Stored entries
•••••
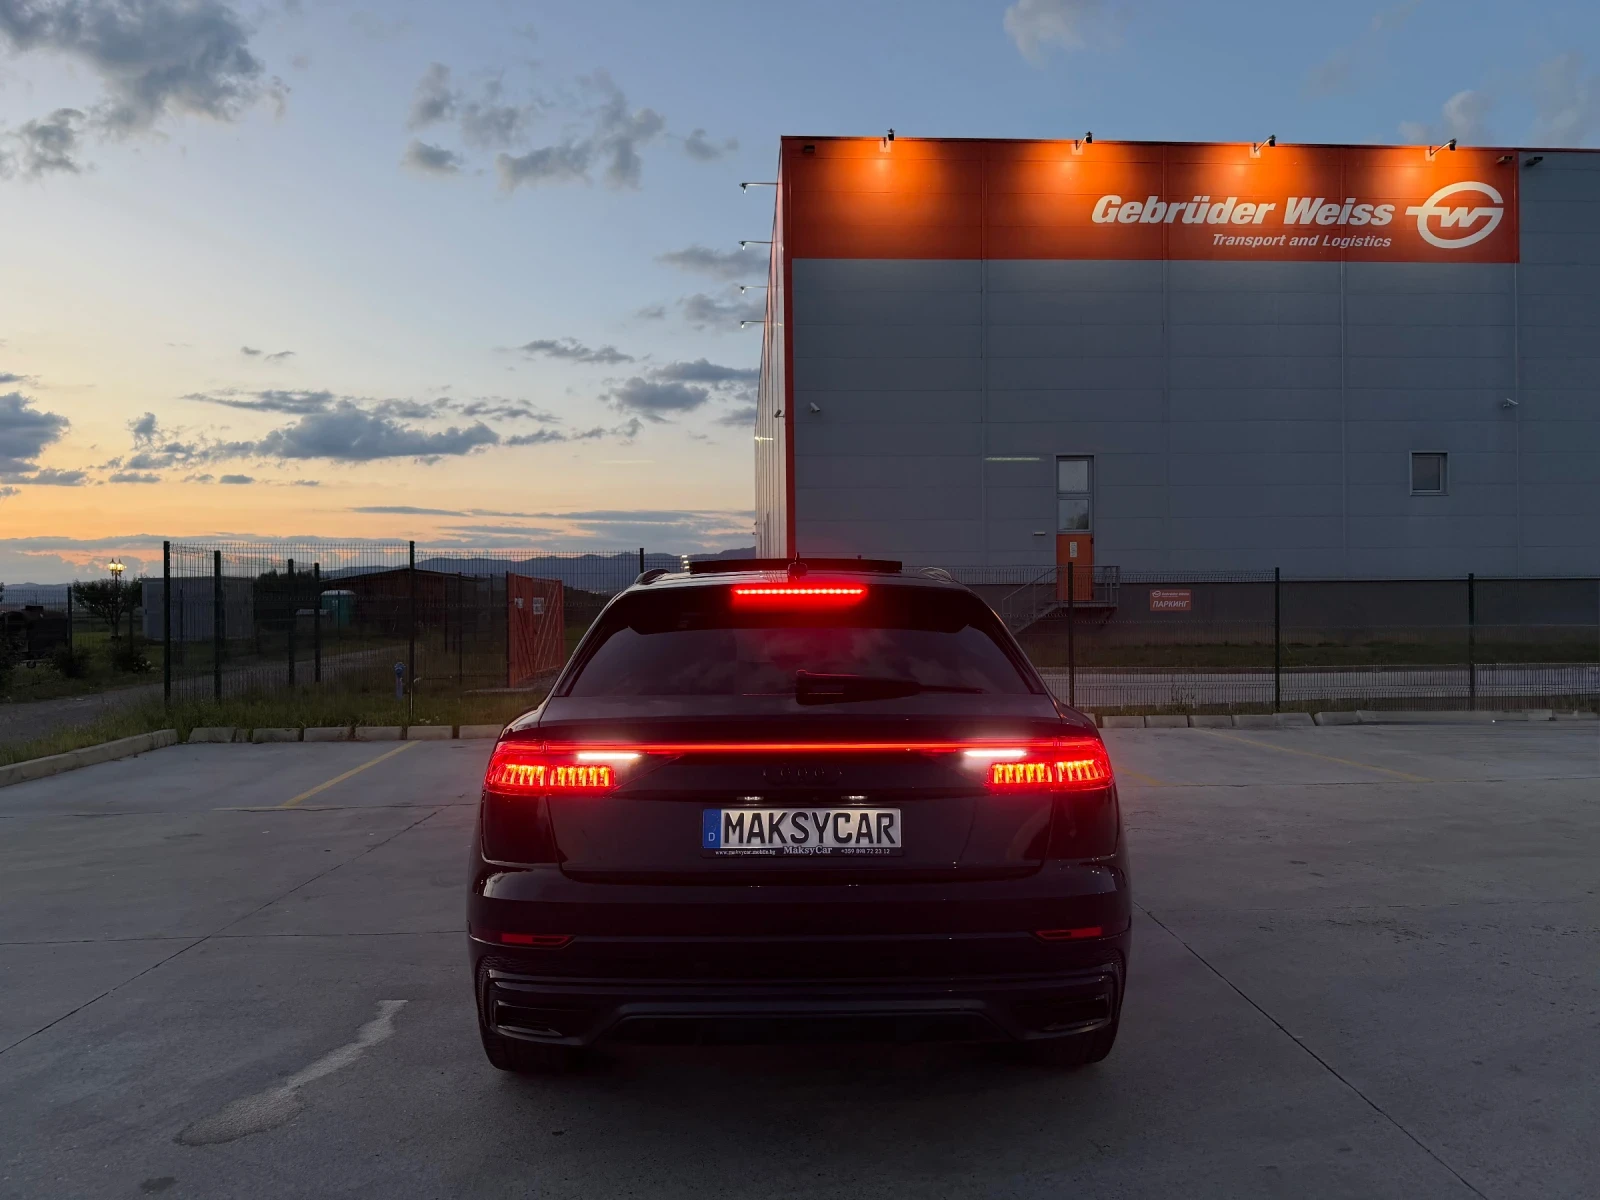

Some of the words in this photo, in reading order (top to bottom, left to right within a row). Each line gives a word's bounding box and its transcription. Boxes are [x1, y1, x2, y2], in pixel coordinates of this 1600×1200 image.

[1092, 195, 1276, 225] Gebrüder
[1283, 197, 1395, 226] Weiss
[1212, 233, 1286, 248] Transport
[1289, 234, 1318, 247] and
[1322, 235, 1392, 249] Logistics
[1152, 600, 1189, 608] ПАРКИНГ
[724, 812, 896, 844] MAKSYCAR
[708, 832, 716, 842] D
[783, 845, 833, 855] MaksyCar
•••••
Work to complete:
Down to the last line, set down the data above exactly, and omit all images.

Response area:
Some of the words in this photo, in reading order (top to bottom, left to right within a row). Each line gives a word's bounding box and its transcription. Boxes are [x1, y1, x2, y2], in pixel coordinates of this 1600×1200 image.

[1092, 195, 1276, 225] Gebrüder
[1283, 197, 1395, 226] Weiss
[1212, 233, 1286, 248] Transport
[1289, 234, 1318, 247] and
[1322, 235, 1392, 249] Logistics
[1152, 600, 1189, 608] ПАРКИНГ
[724, 812, 896, 844] MAKSYCAR
[708, 832, 716, 842] D
[783, 845, 833, 855] MaksyCar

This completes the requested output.